The dental arch models were scanned by using the CB MercuRay (Hitachi Medical Corporation, Tokyo, Japan) in the Division of Orthodontics, School of Dentistry, at the University of California at San Francisco. The scanning parameters used were 110 kVp, 2 mA, 9.6 seconds per revolution, and a 12-in field of view. The voxel size of the CB MercuRay scanner with these settings is 0.4 mm, and the physical spatial resolution is 0.7 mm. The volumetric data were then analyzed with the 2 CBCT software programs, InVivoDental and CBWorks. Two measurement methods were used with the InVivo Dental software and 1 method with CBWorks, each described below. Two investigators measured 25 teeth at 3 times using each of the 4 methods: physical measurement, InVivo Section, InVivo Volume Render, and CBWorks Volume Render.
With InVivoDental, 2 analyzing modes were used as methods of measuring the MDD of the embedded teeth: the Section mode and the Volume Render mode.

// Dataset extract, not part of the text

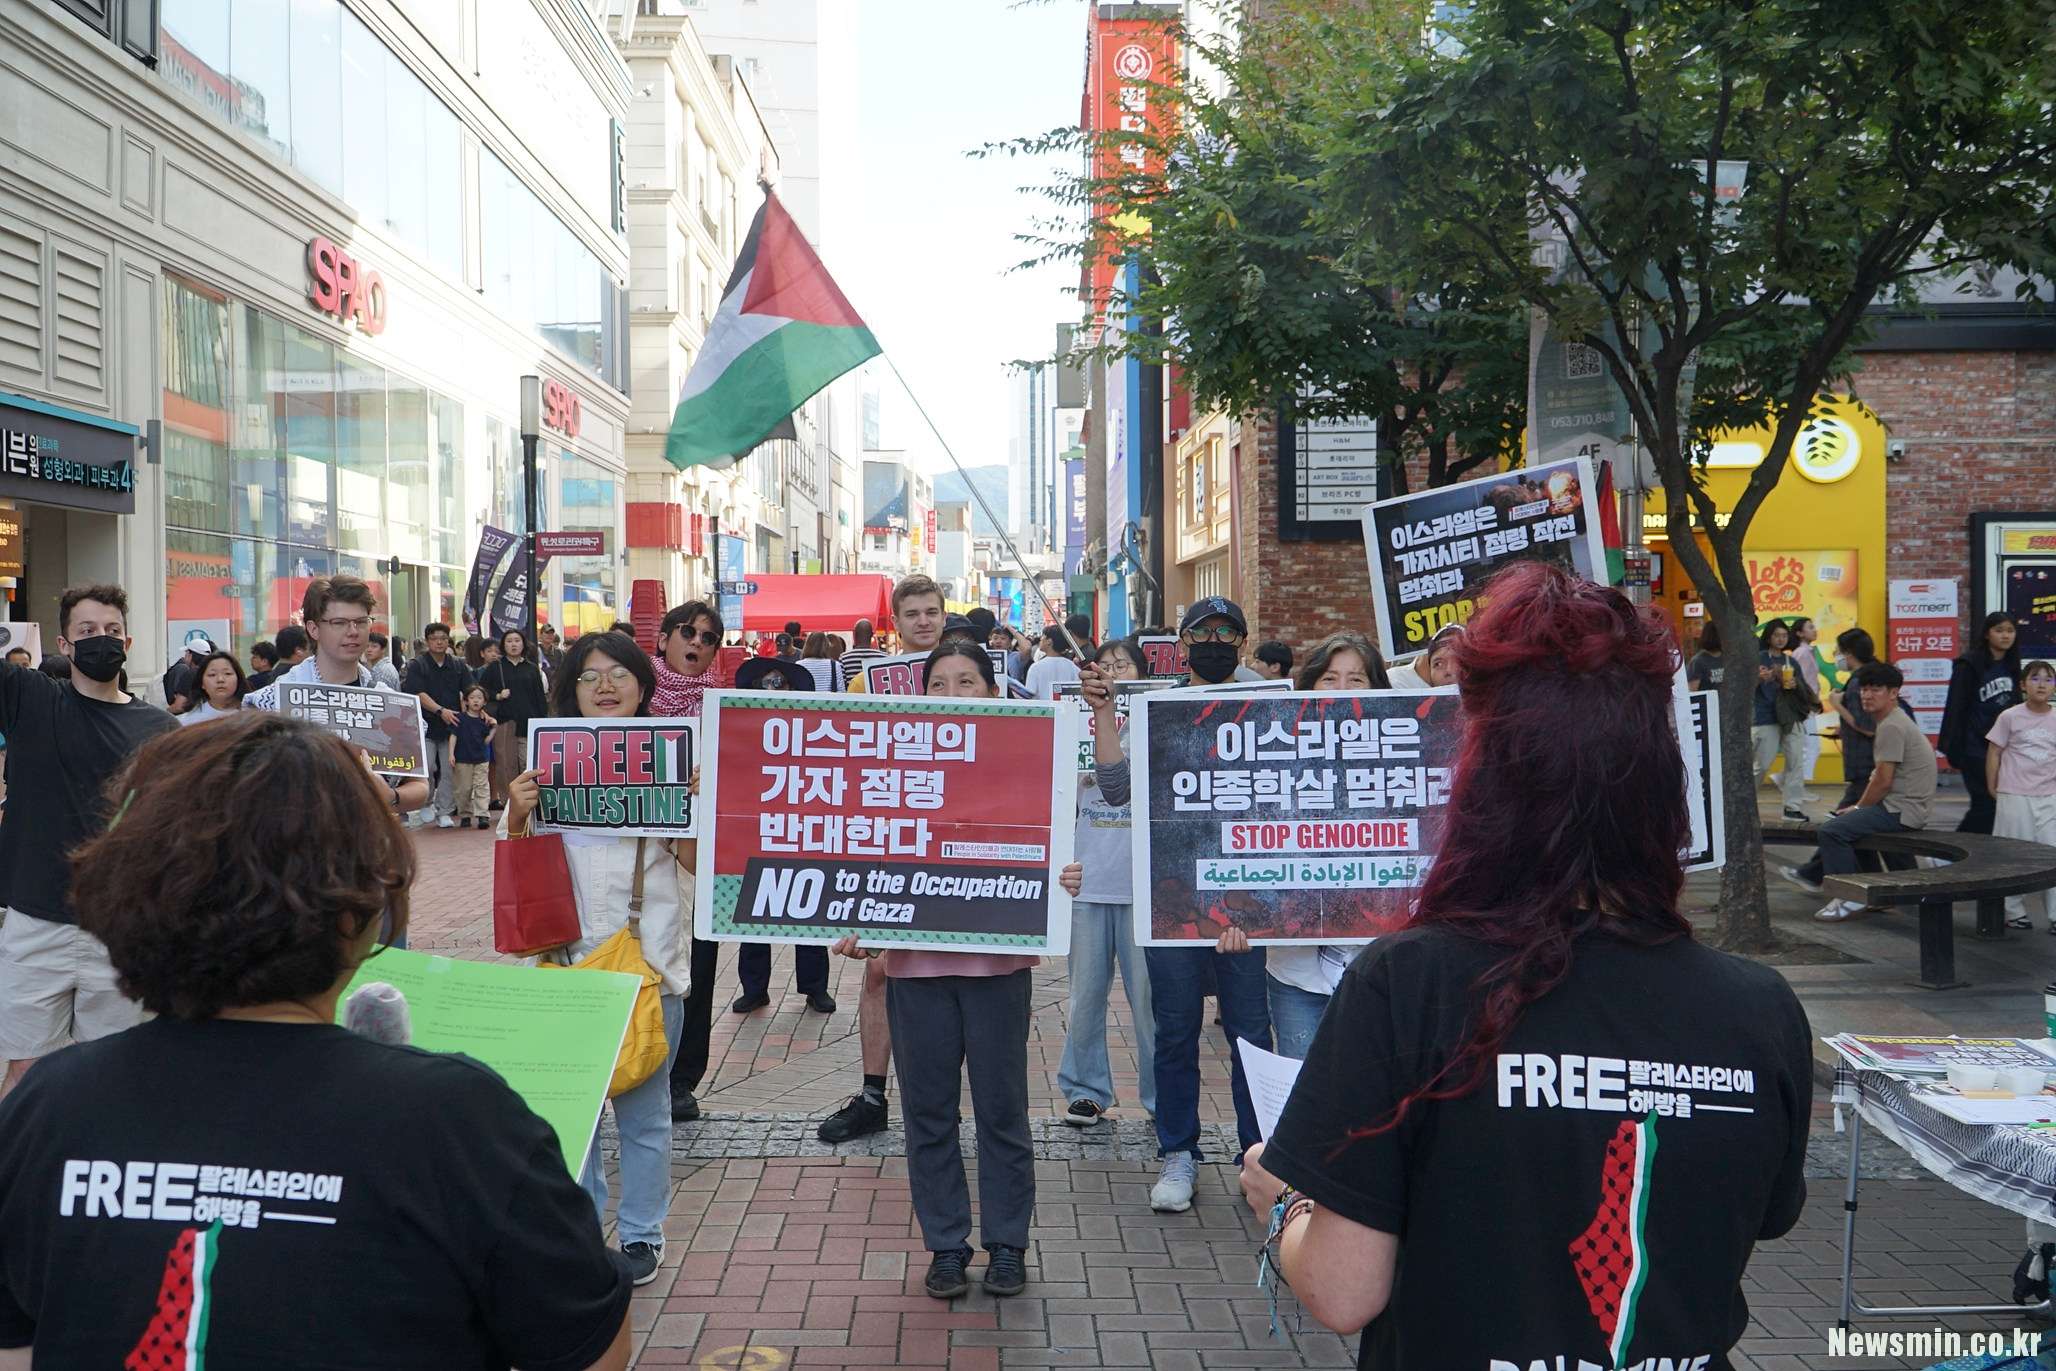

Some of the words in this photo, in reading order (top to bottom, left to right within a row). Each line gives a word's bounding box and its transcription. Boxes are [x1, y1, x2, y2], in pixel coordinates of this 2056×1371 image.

In the InVivo Section mode, the x, y, and z sections (axial, coronal, sagittal) were combined simultaneously for 2-dimensional visualization. A 3-dimensional (3D) volume visualization was displayed on the same screen as the 2-dimensional visualization. In this mode, the scalar value of selected voxels is displayed in Hounsfield units; this allows soft tissue to be distinguished from enamel when taking measurements with the “Distance” tool. By using the 2-dimensional and 3D visualizations simultaneously, the image of each tooth of interest was oriented perpendicular to the occlusal plane to allow the largest MDD to be visualized and measured (with measurements recorded to the nearest 0.1 mm) ( Fig 1 ).
With the InVivo Volume Render mode, it is possible for the scanned region to be reconstructed 3 dimensionally. This mode has presets that allow for the display of structures according to their specified densities. For this study, it was determined that the “Bone” and “Teeth” presets would be used because they allowed visualization of the hard tissues (embedded teeth) but prevented visualization of the surrounding impression material. We then used the “Sculpting” tool in the Volume Render mode to allow the image of each tooth requiring measurement to be segregated from the surrounding tissues and adjacent teeth. Finally, the “Measure 3D Distance” tool in the software was used to measure the MDD from the 3D image, with measurements recorded to the nearest 0.1 mm ( Fig 2 ).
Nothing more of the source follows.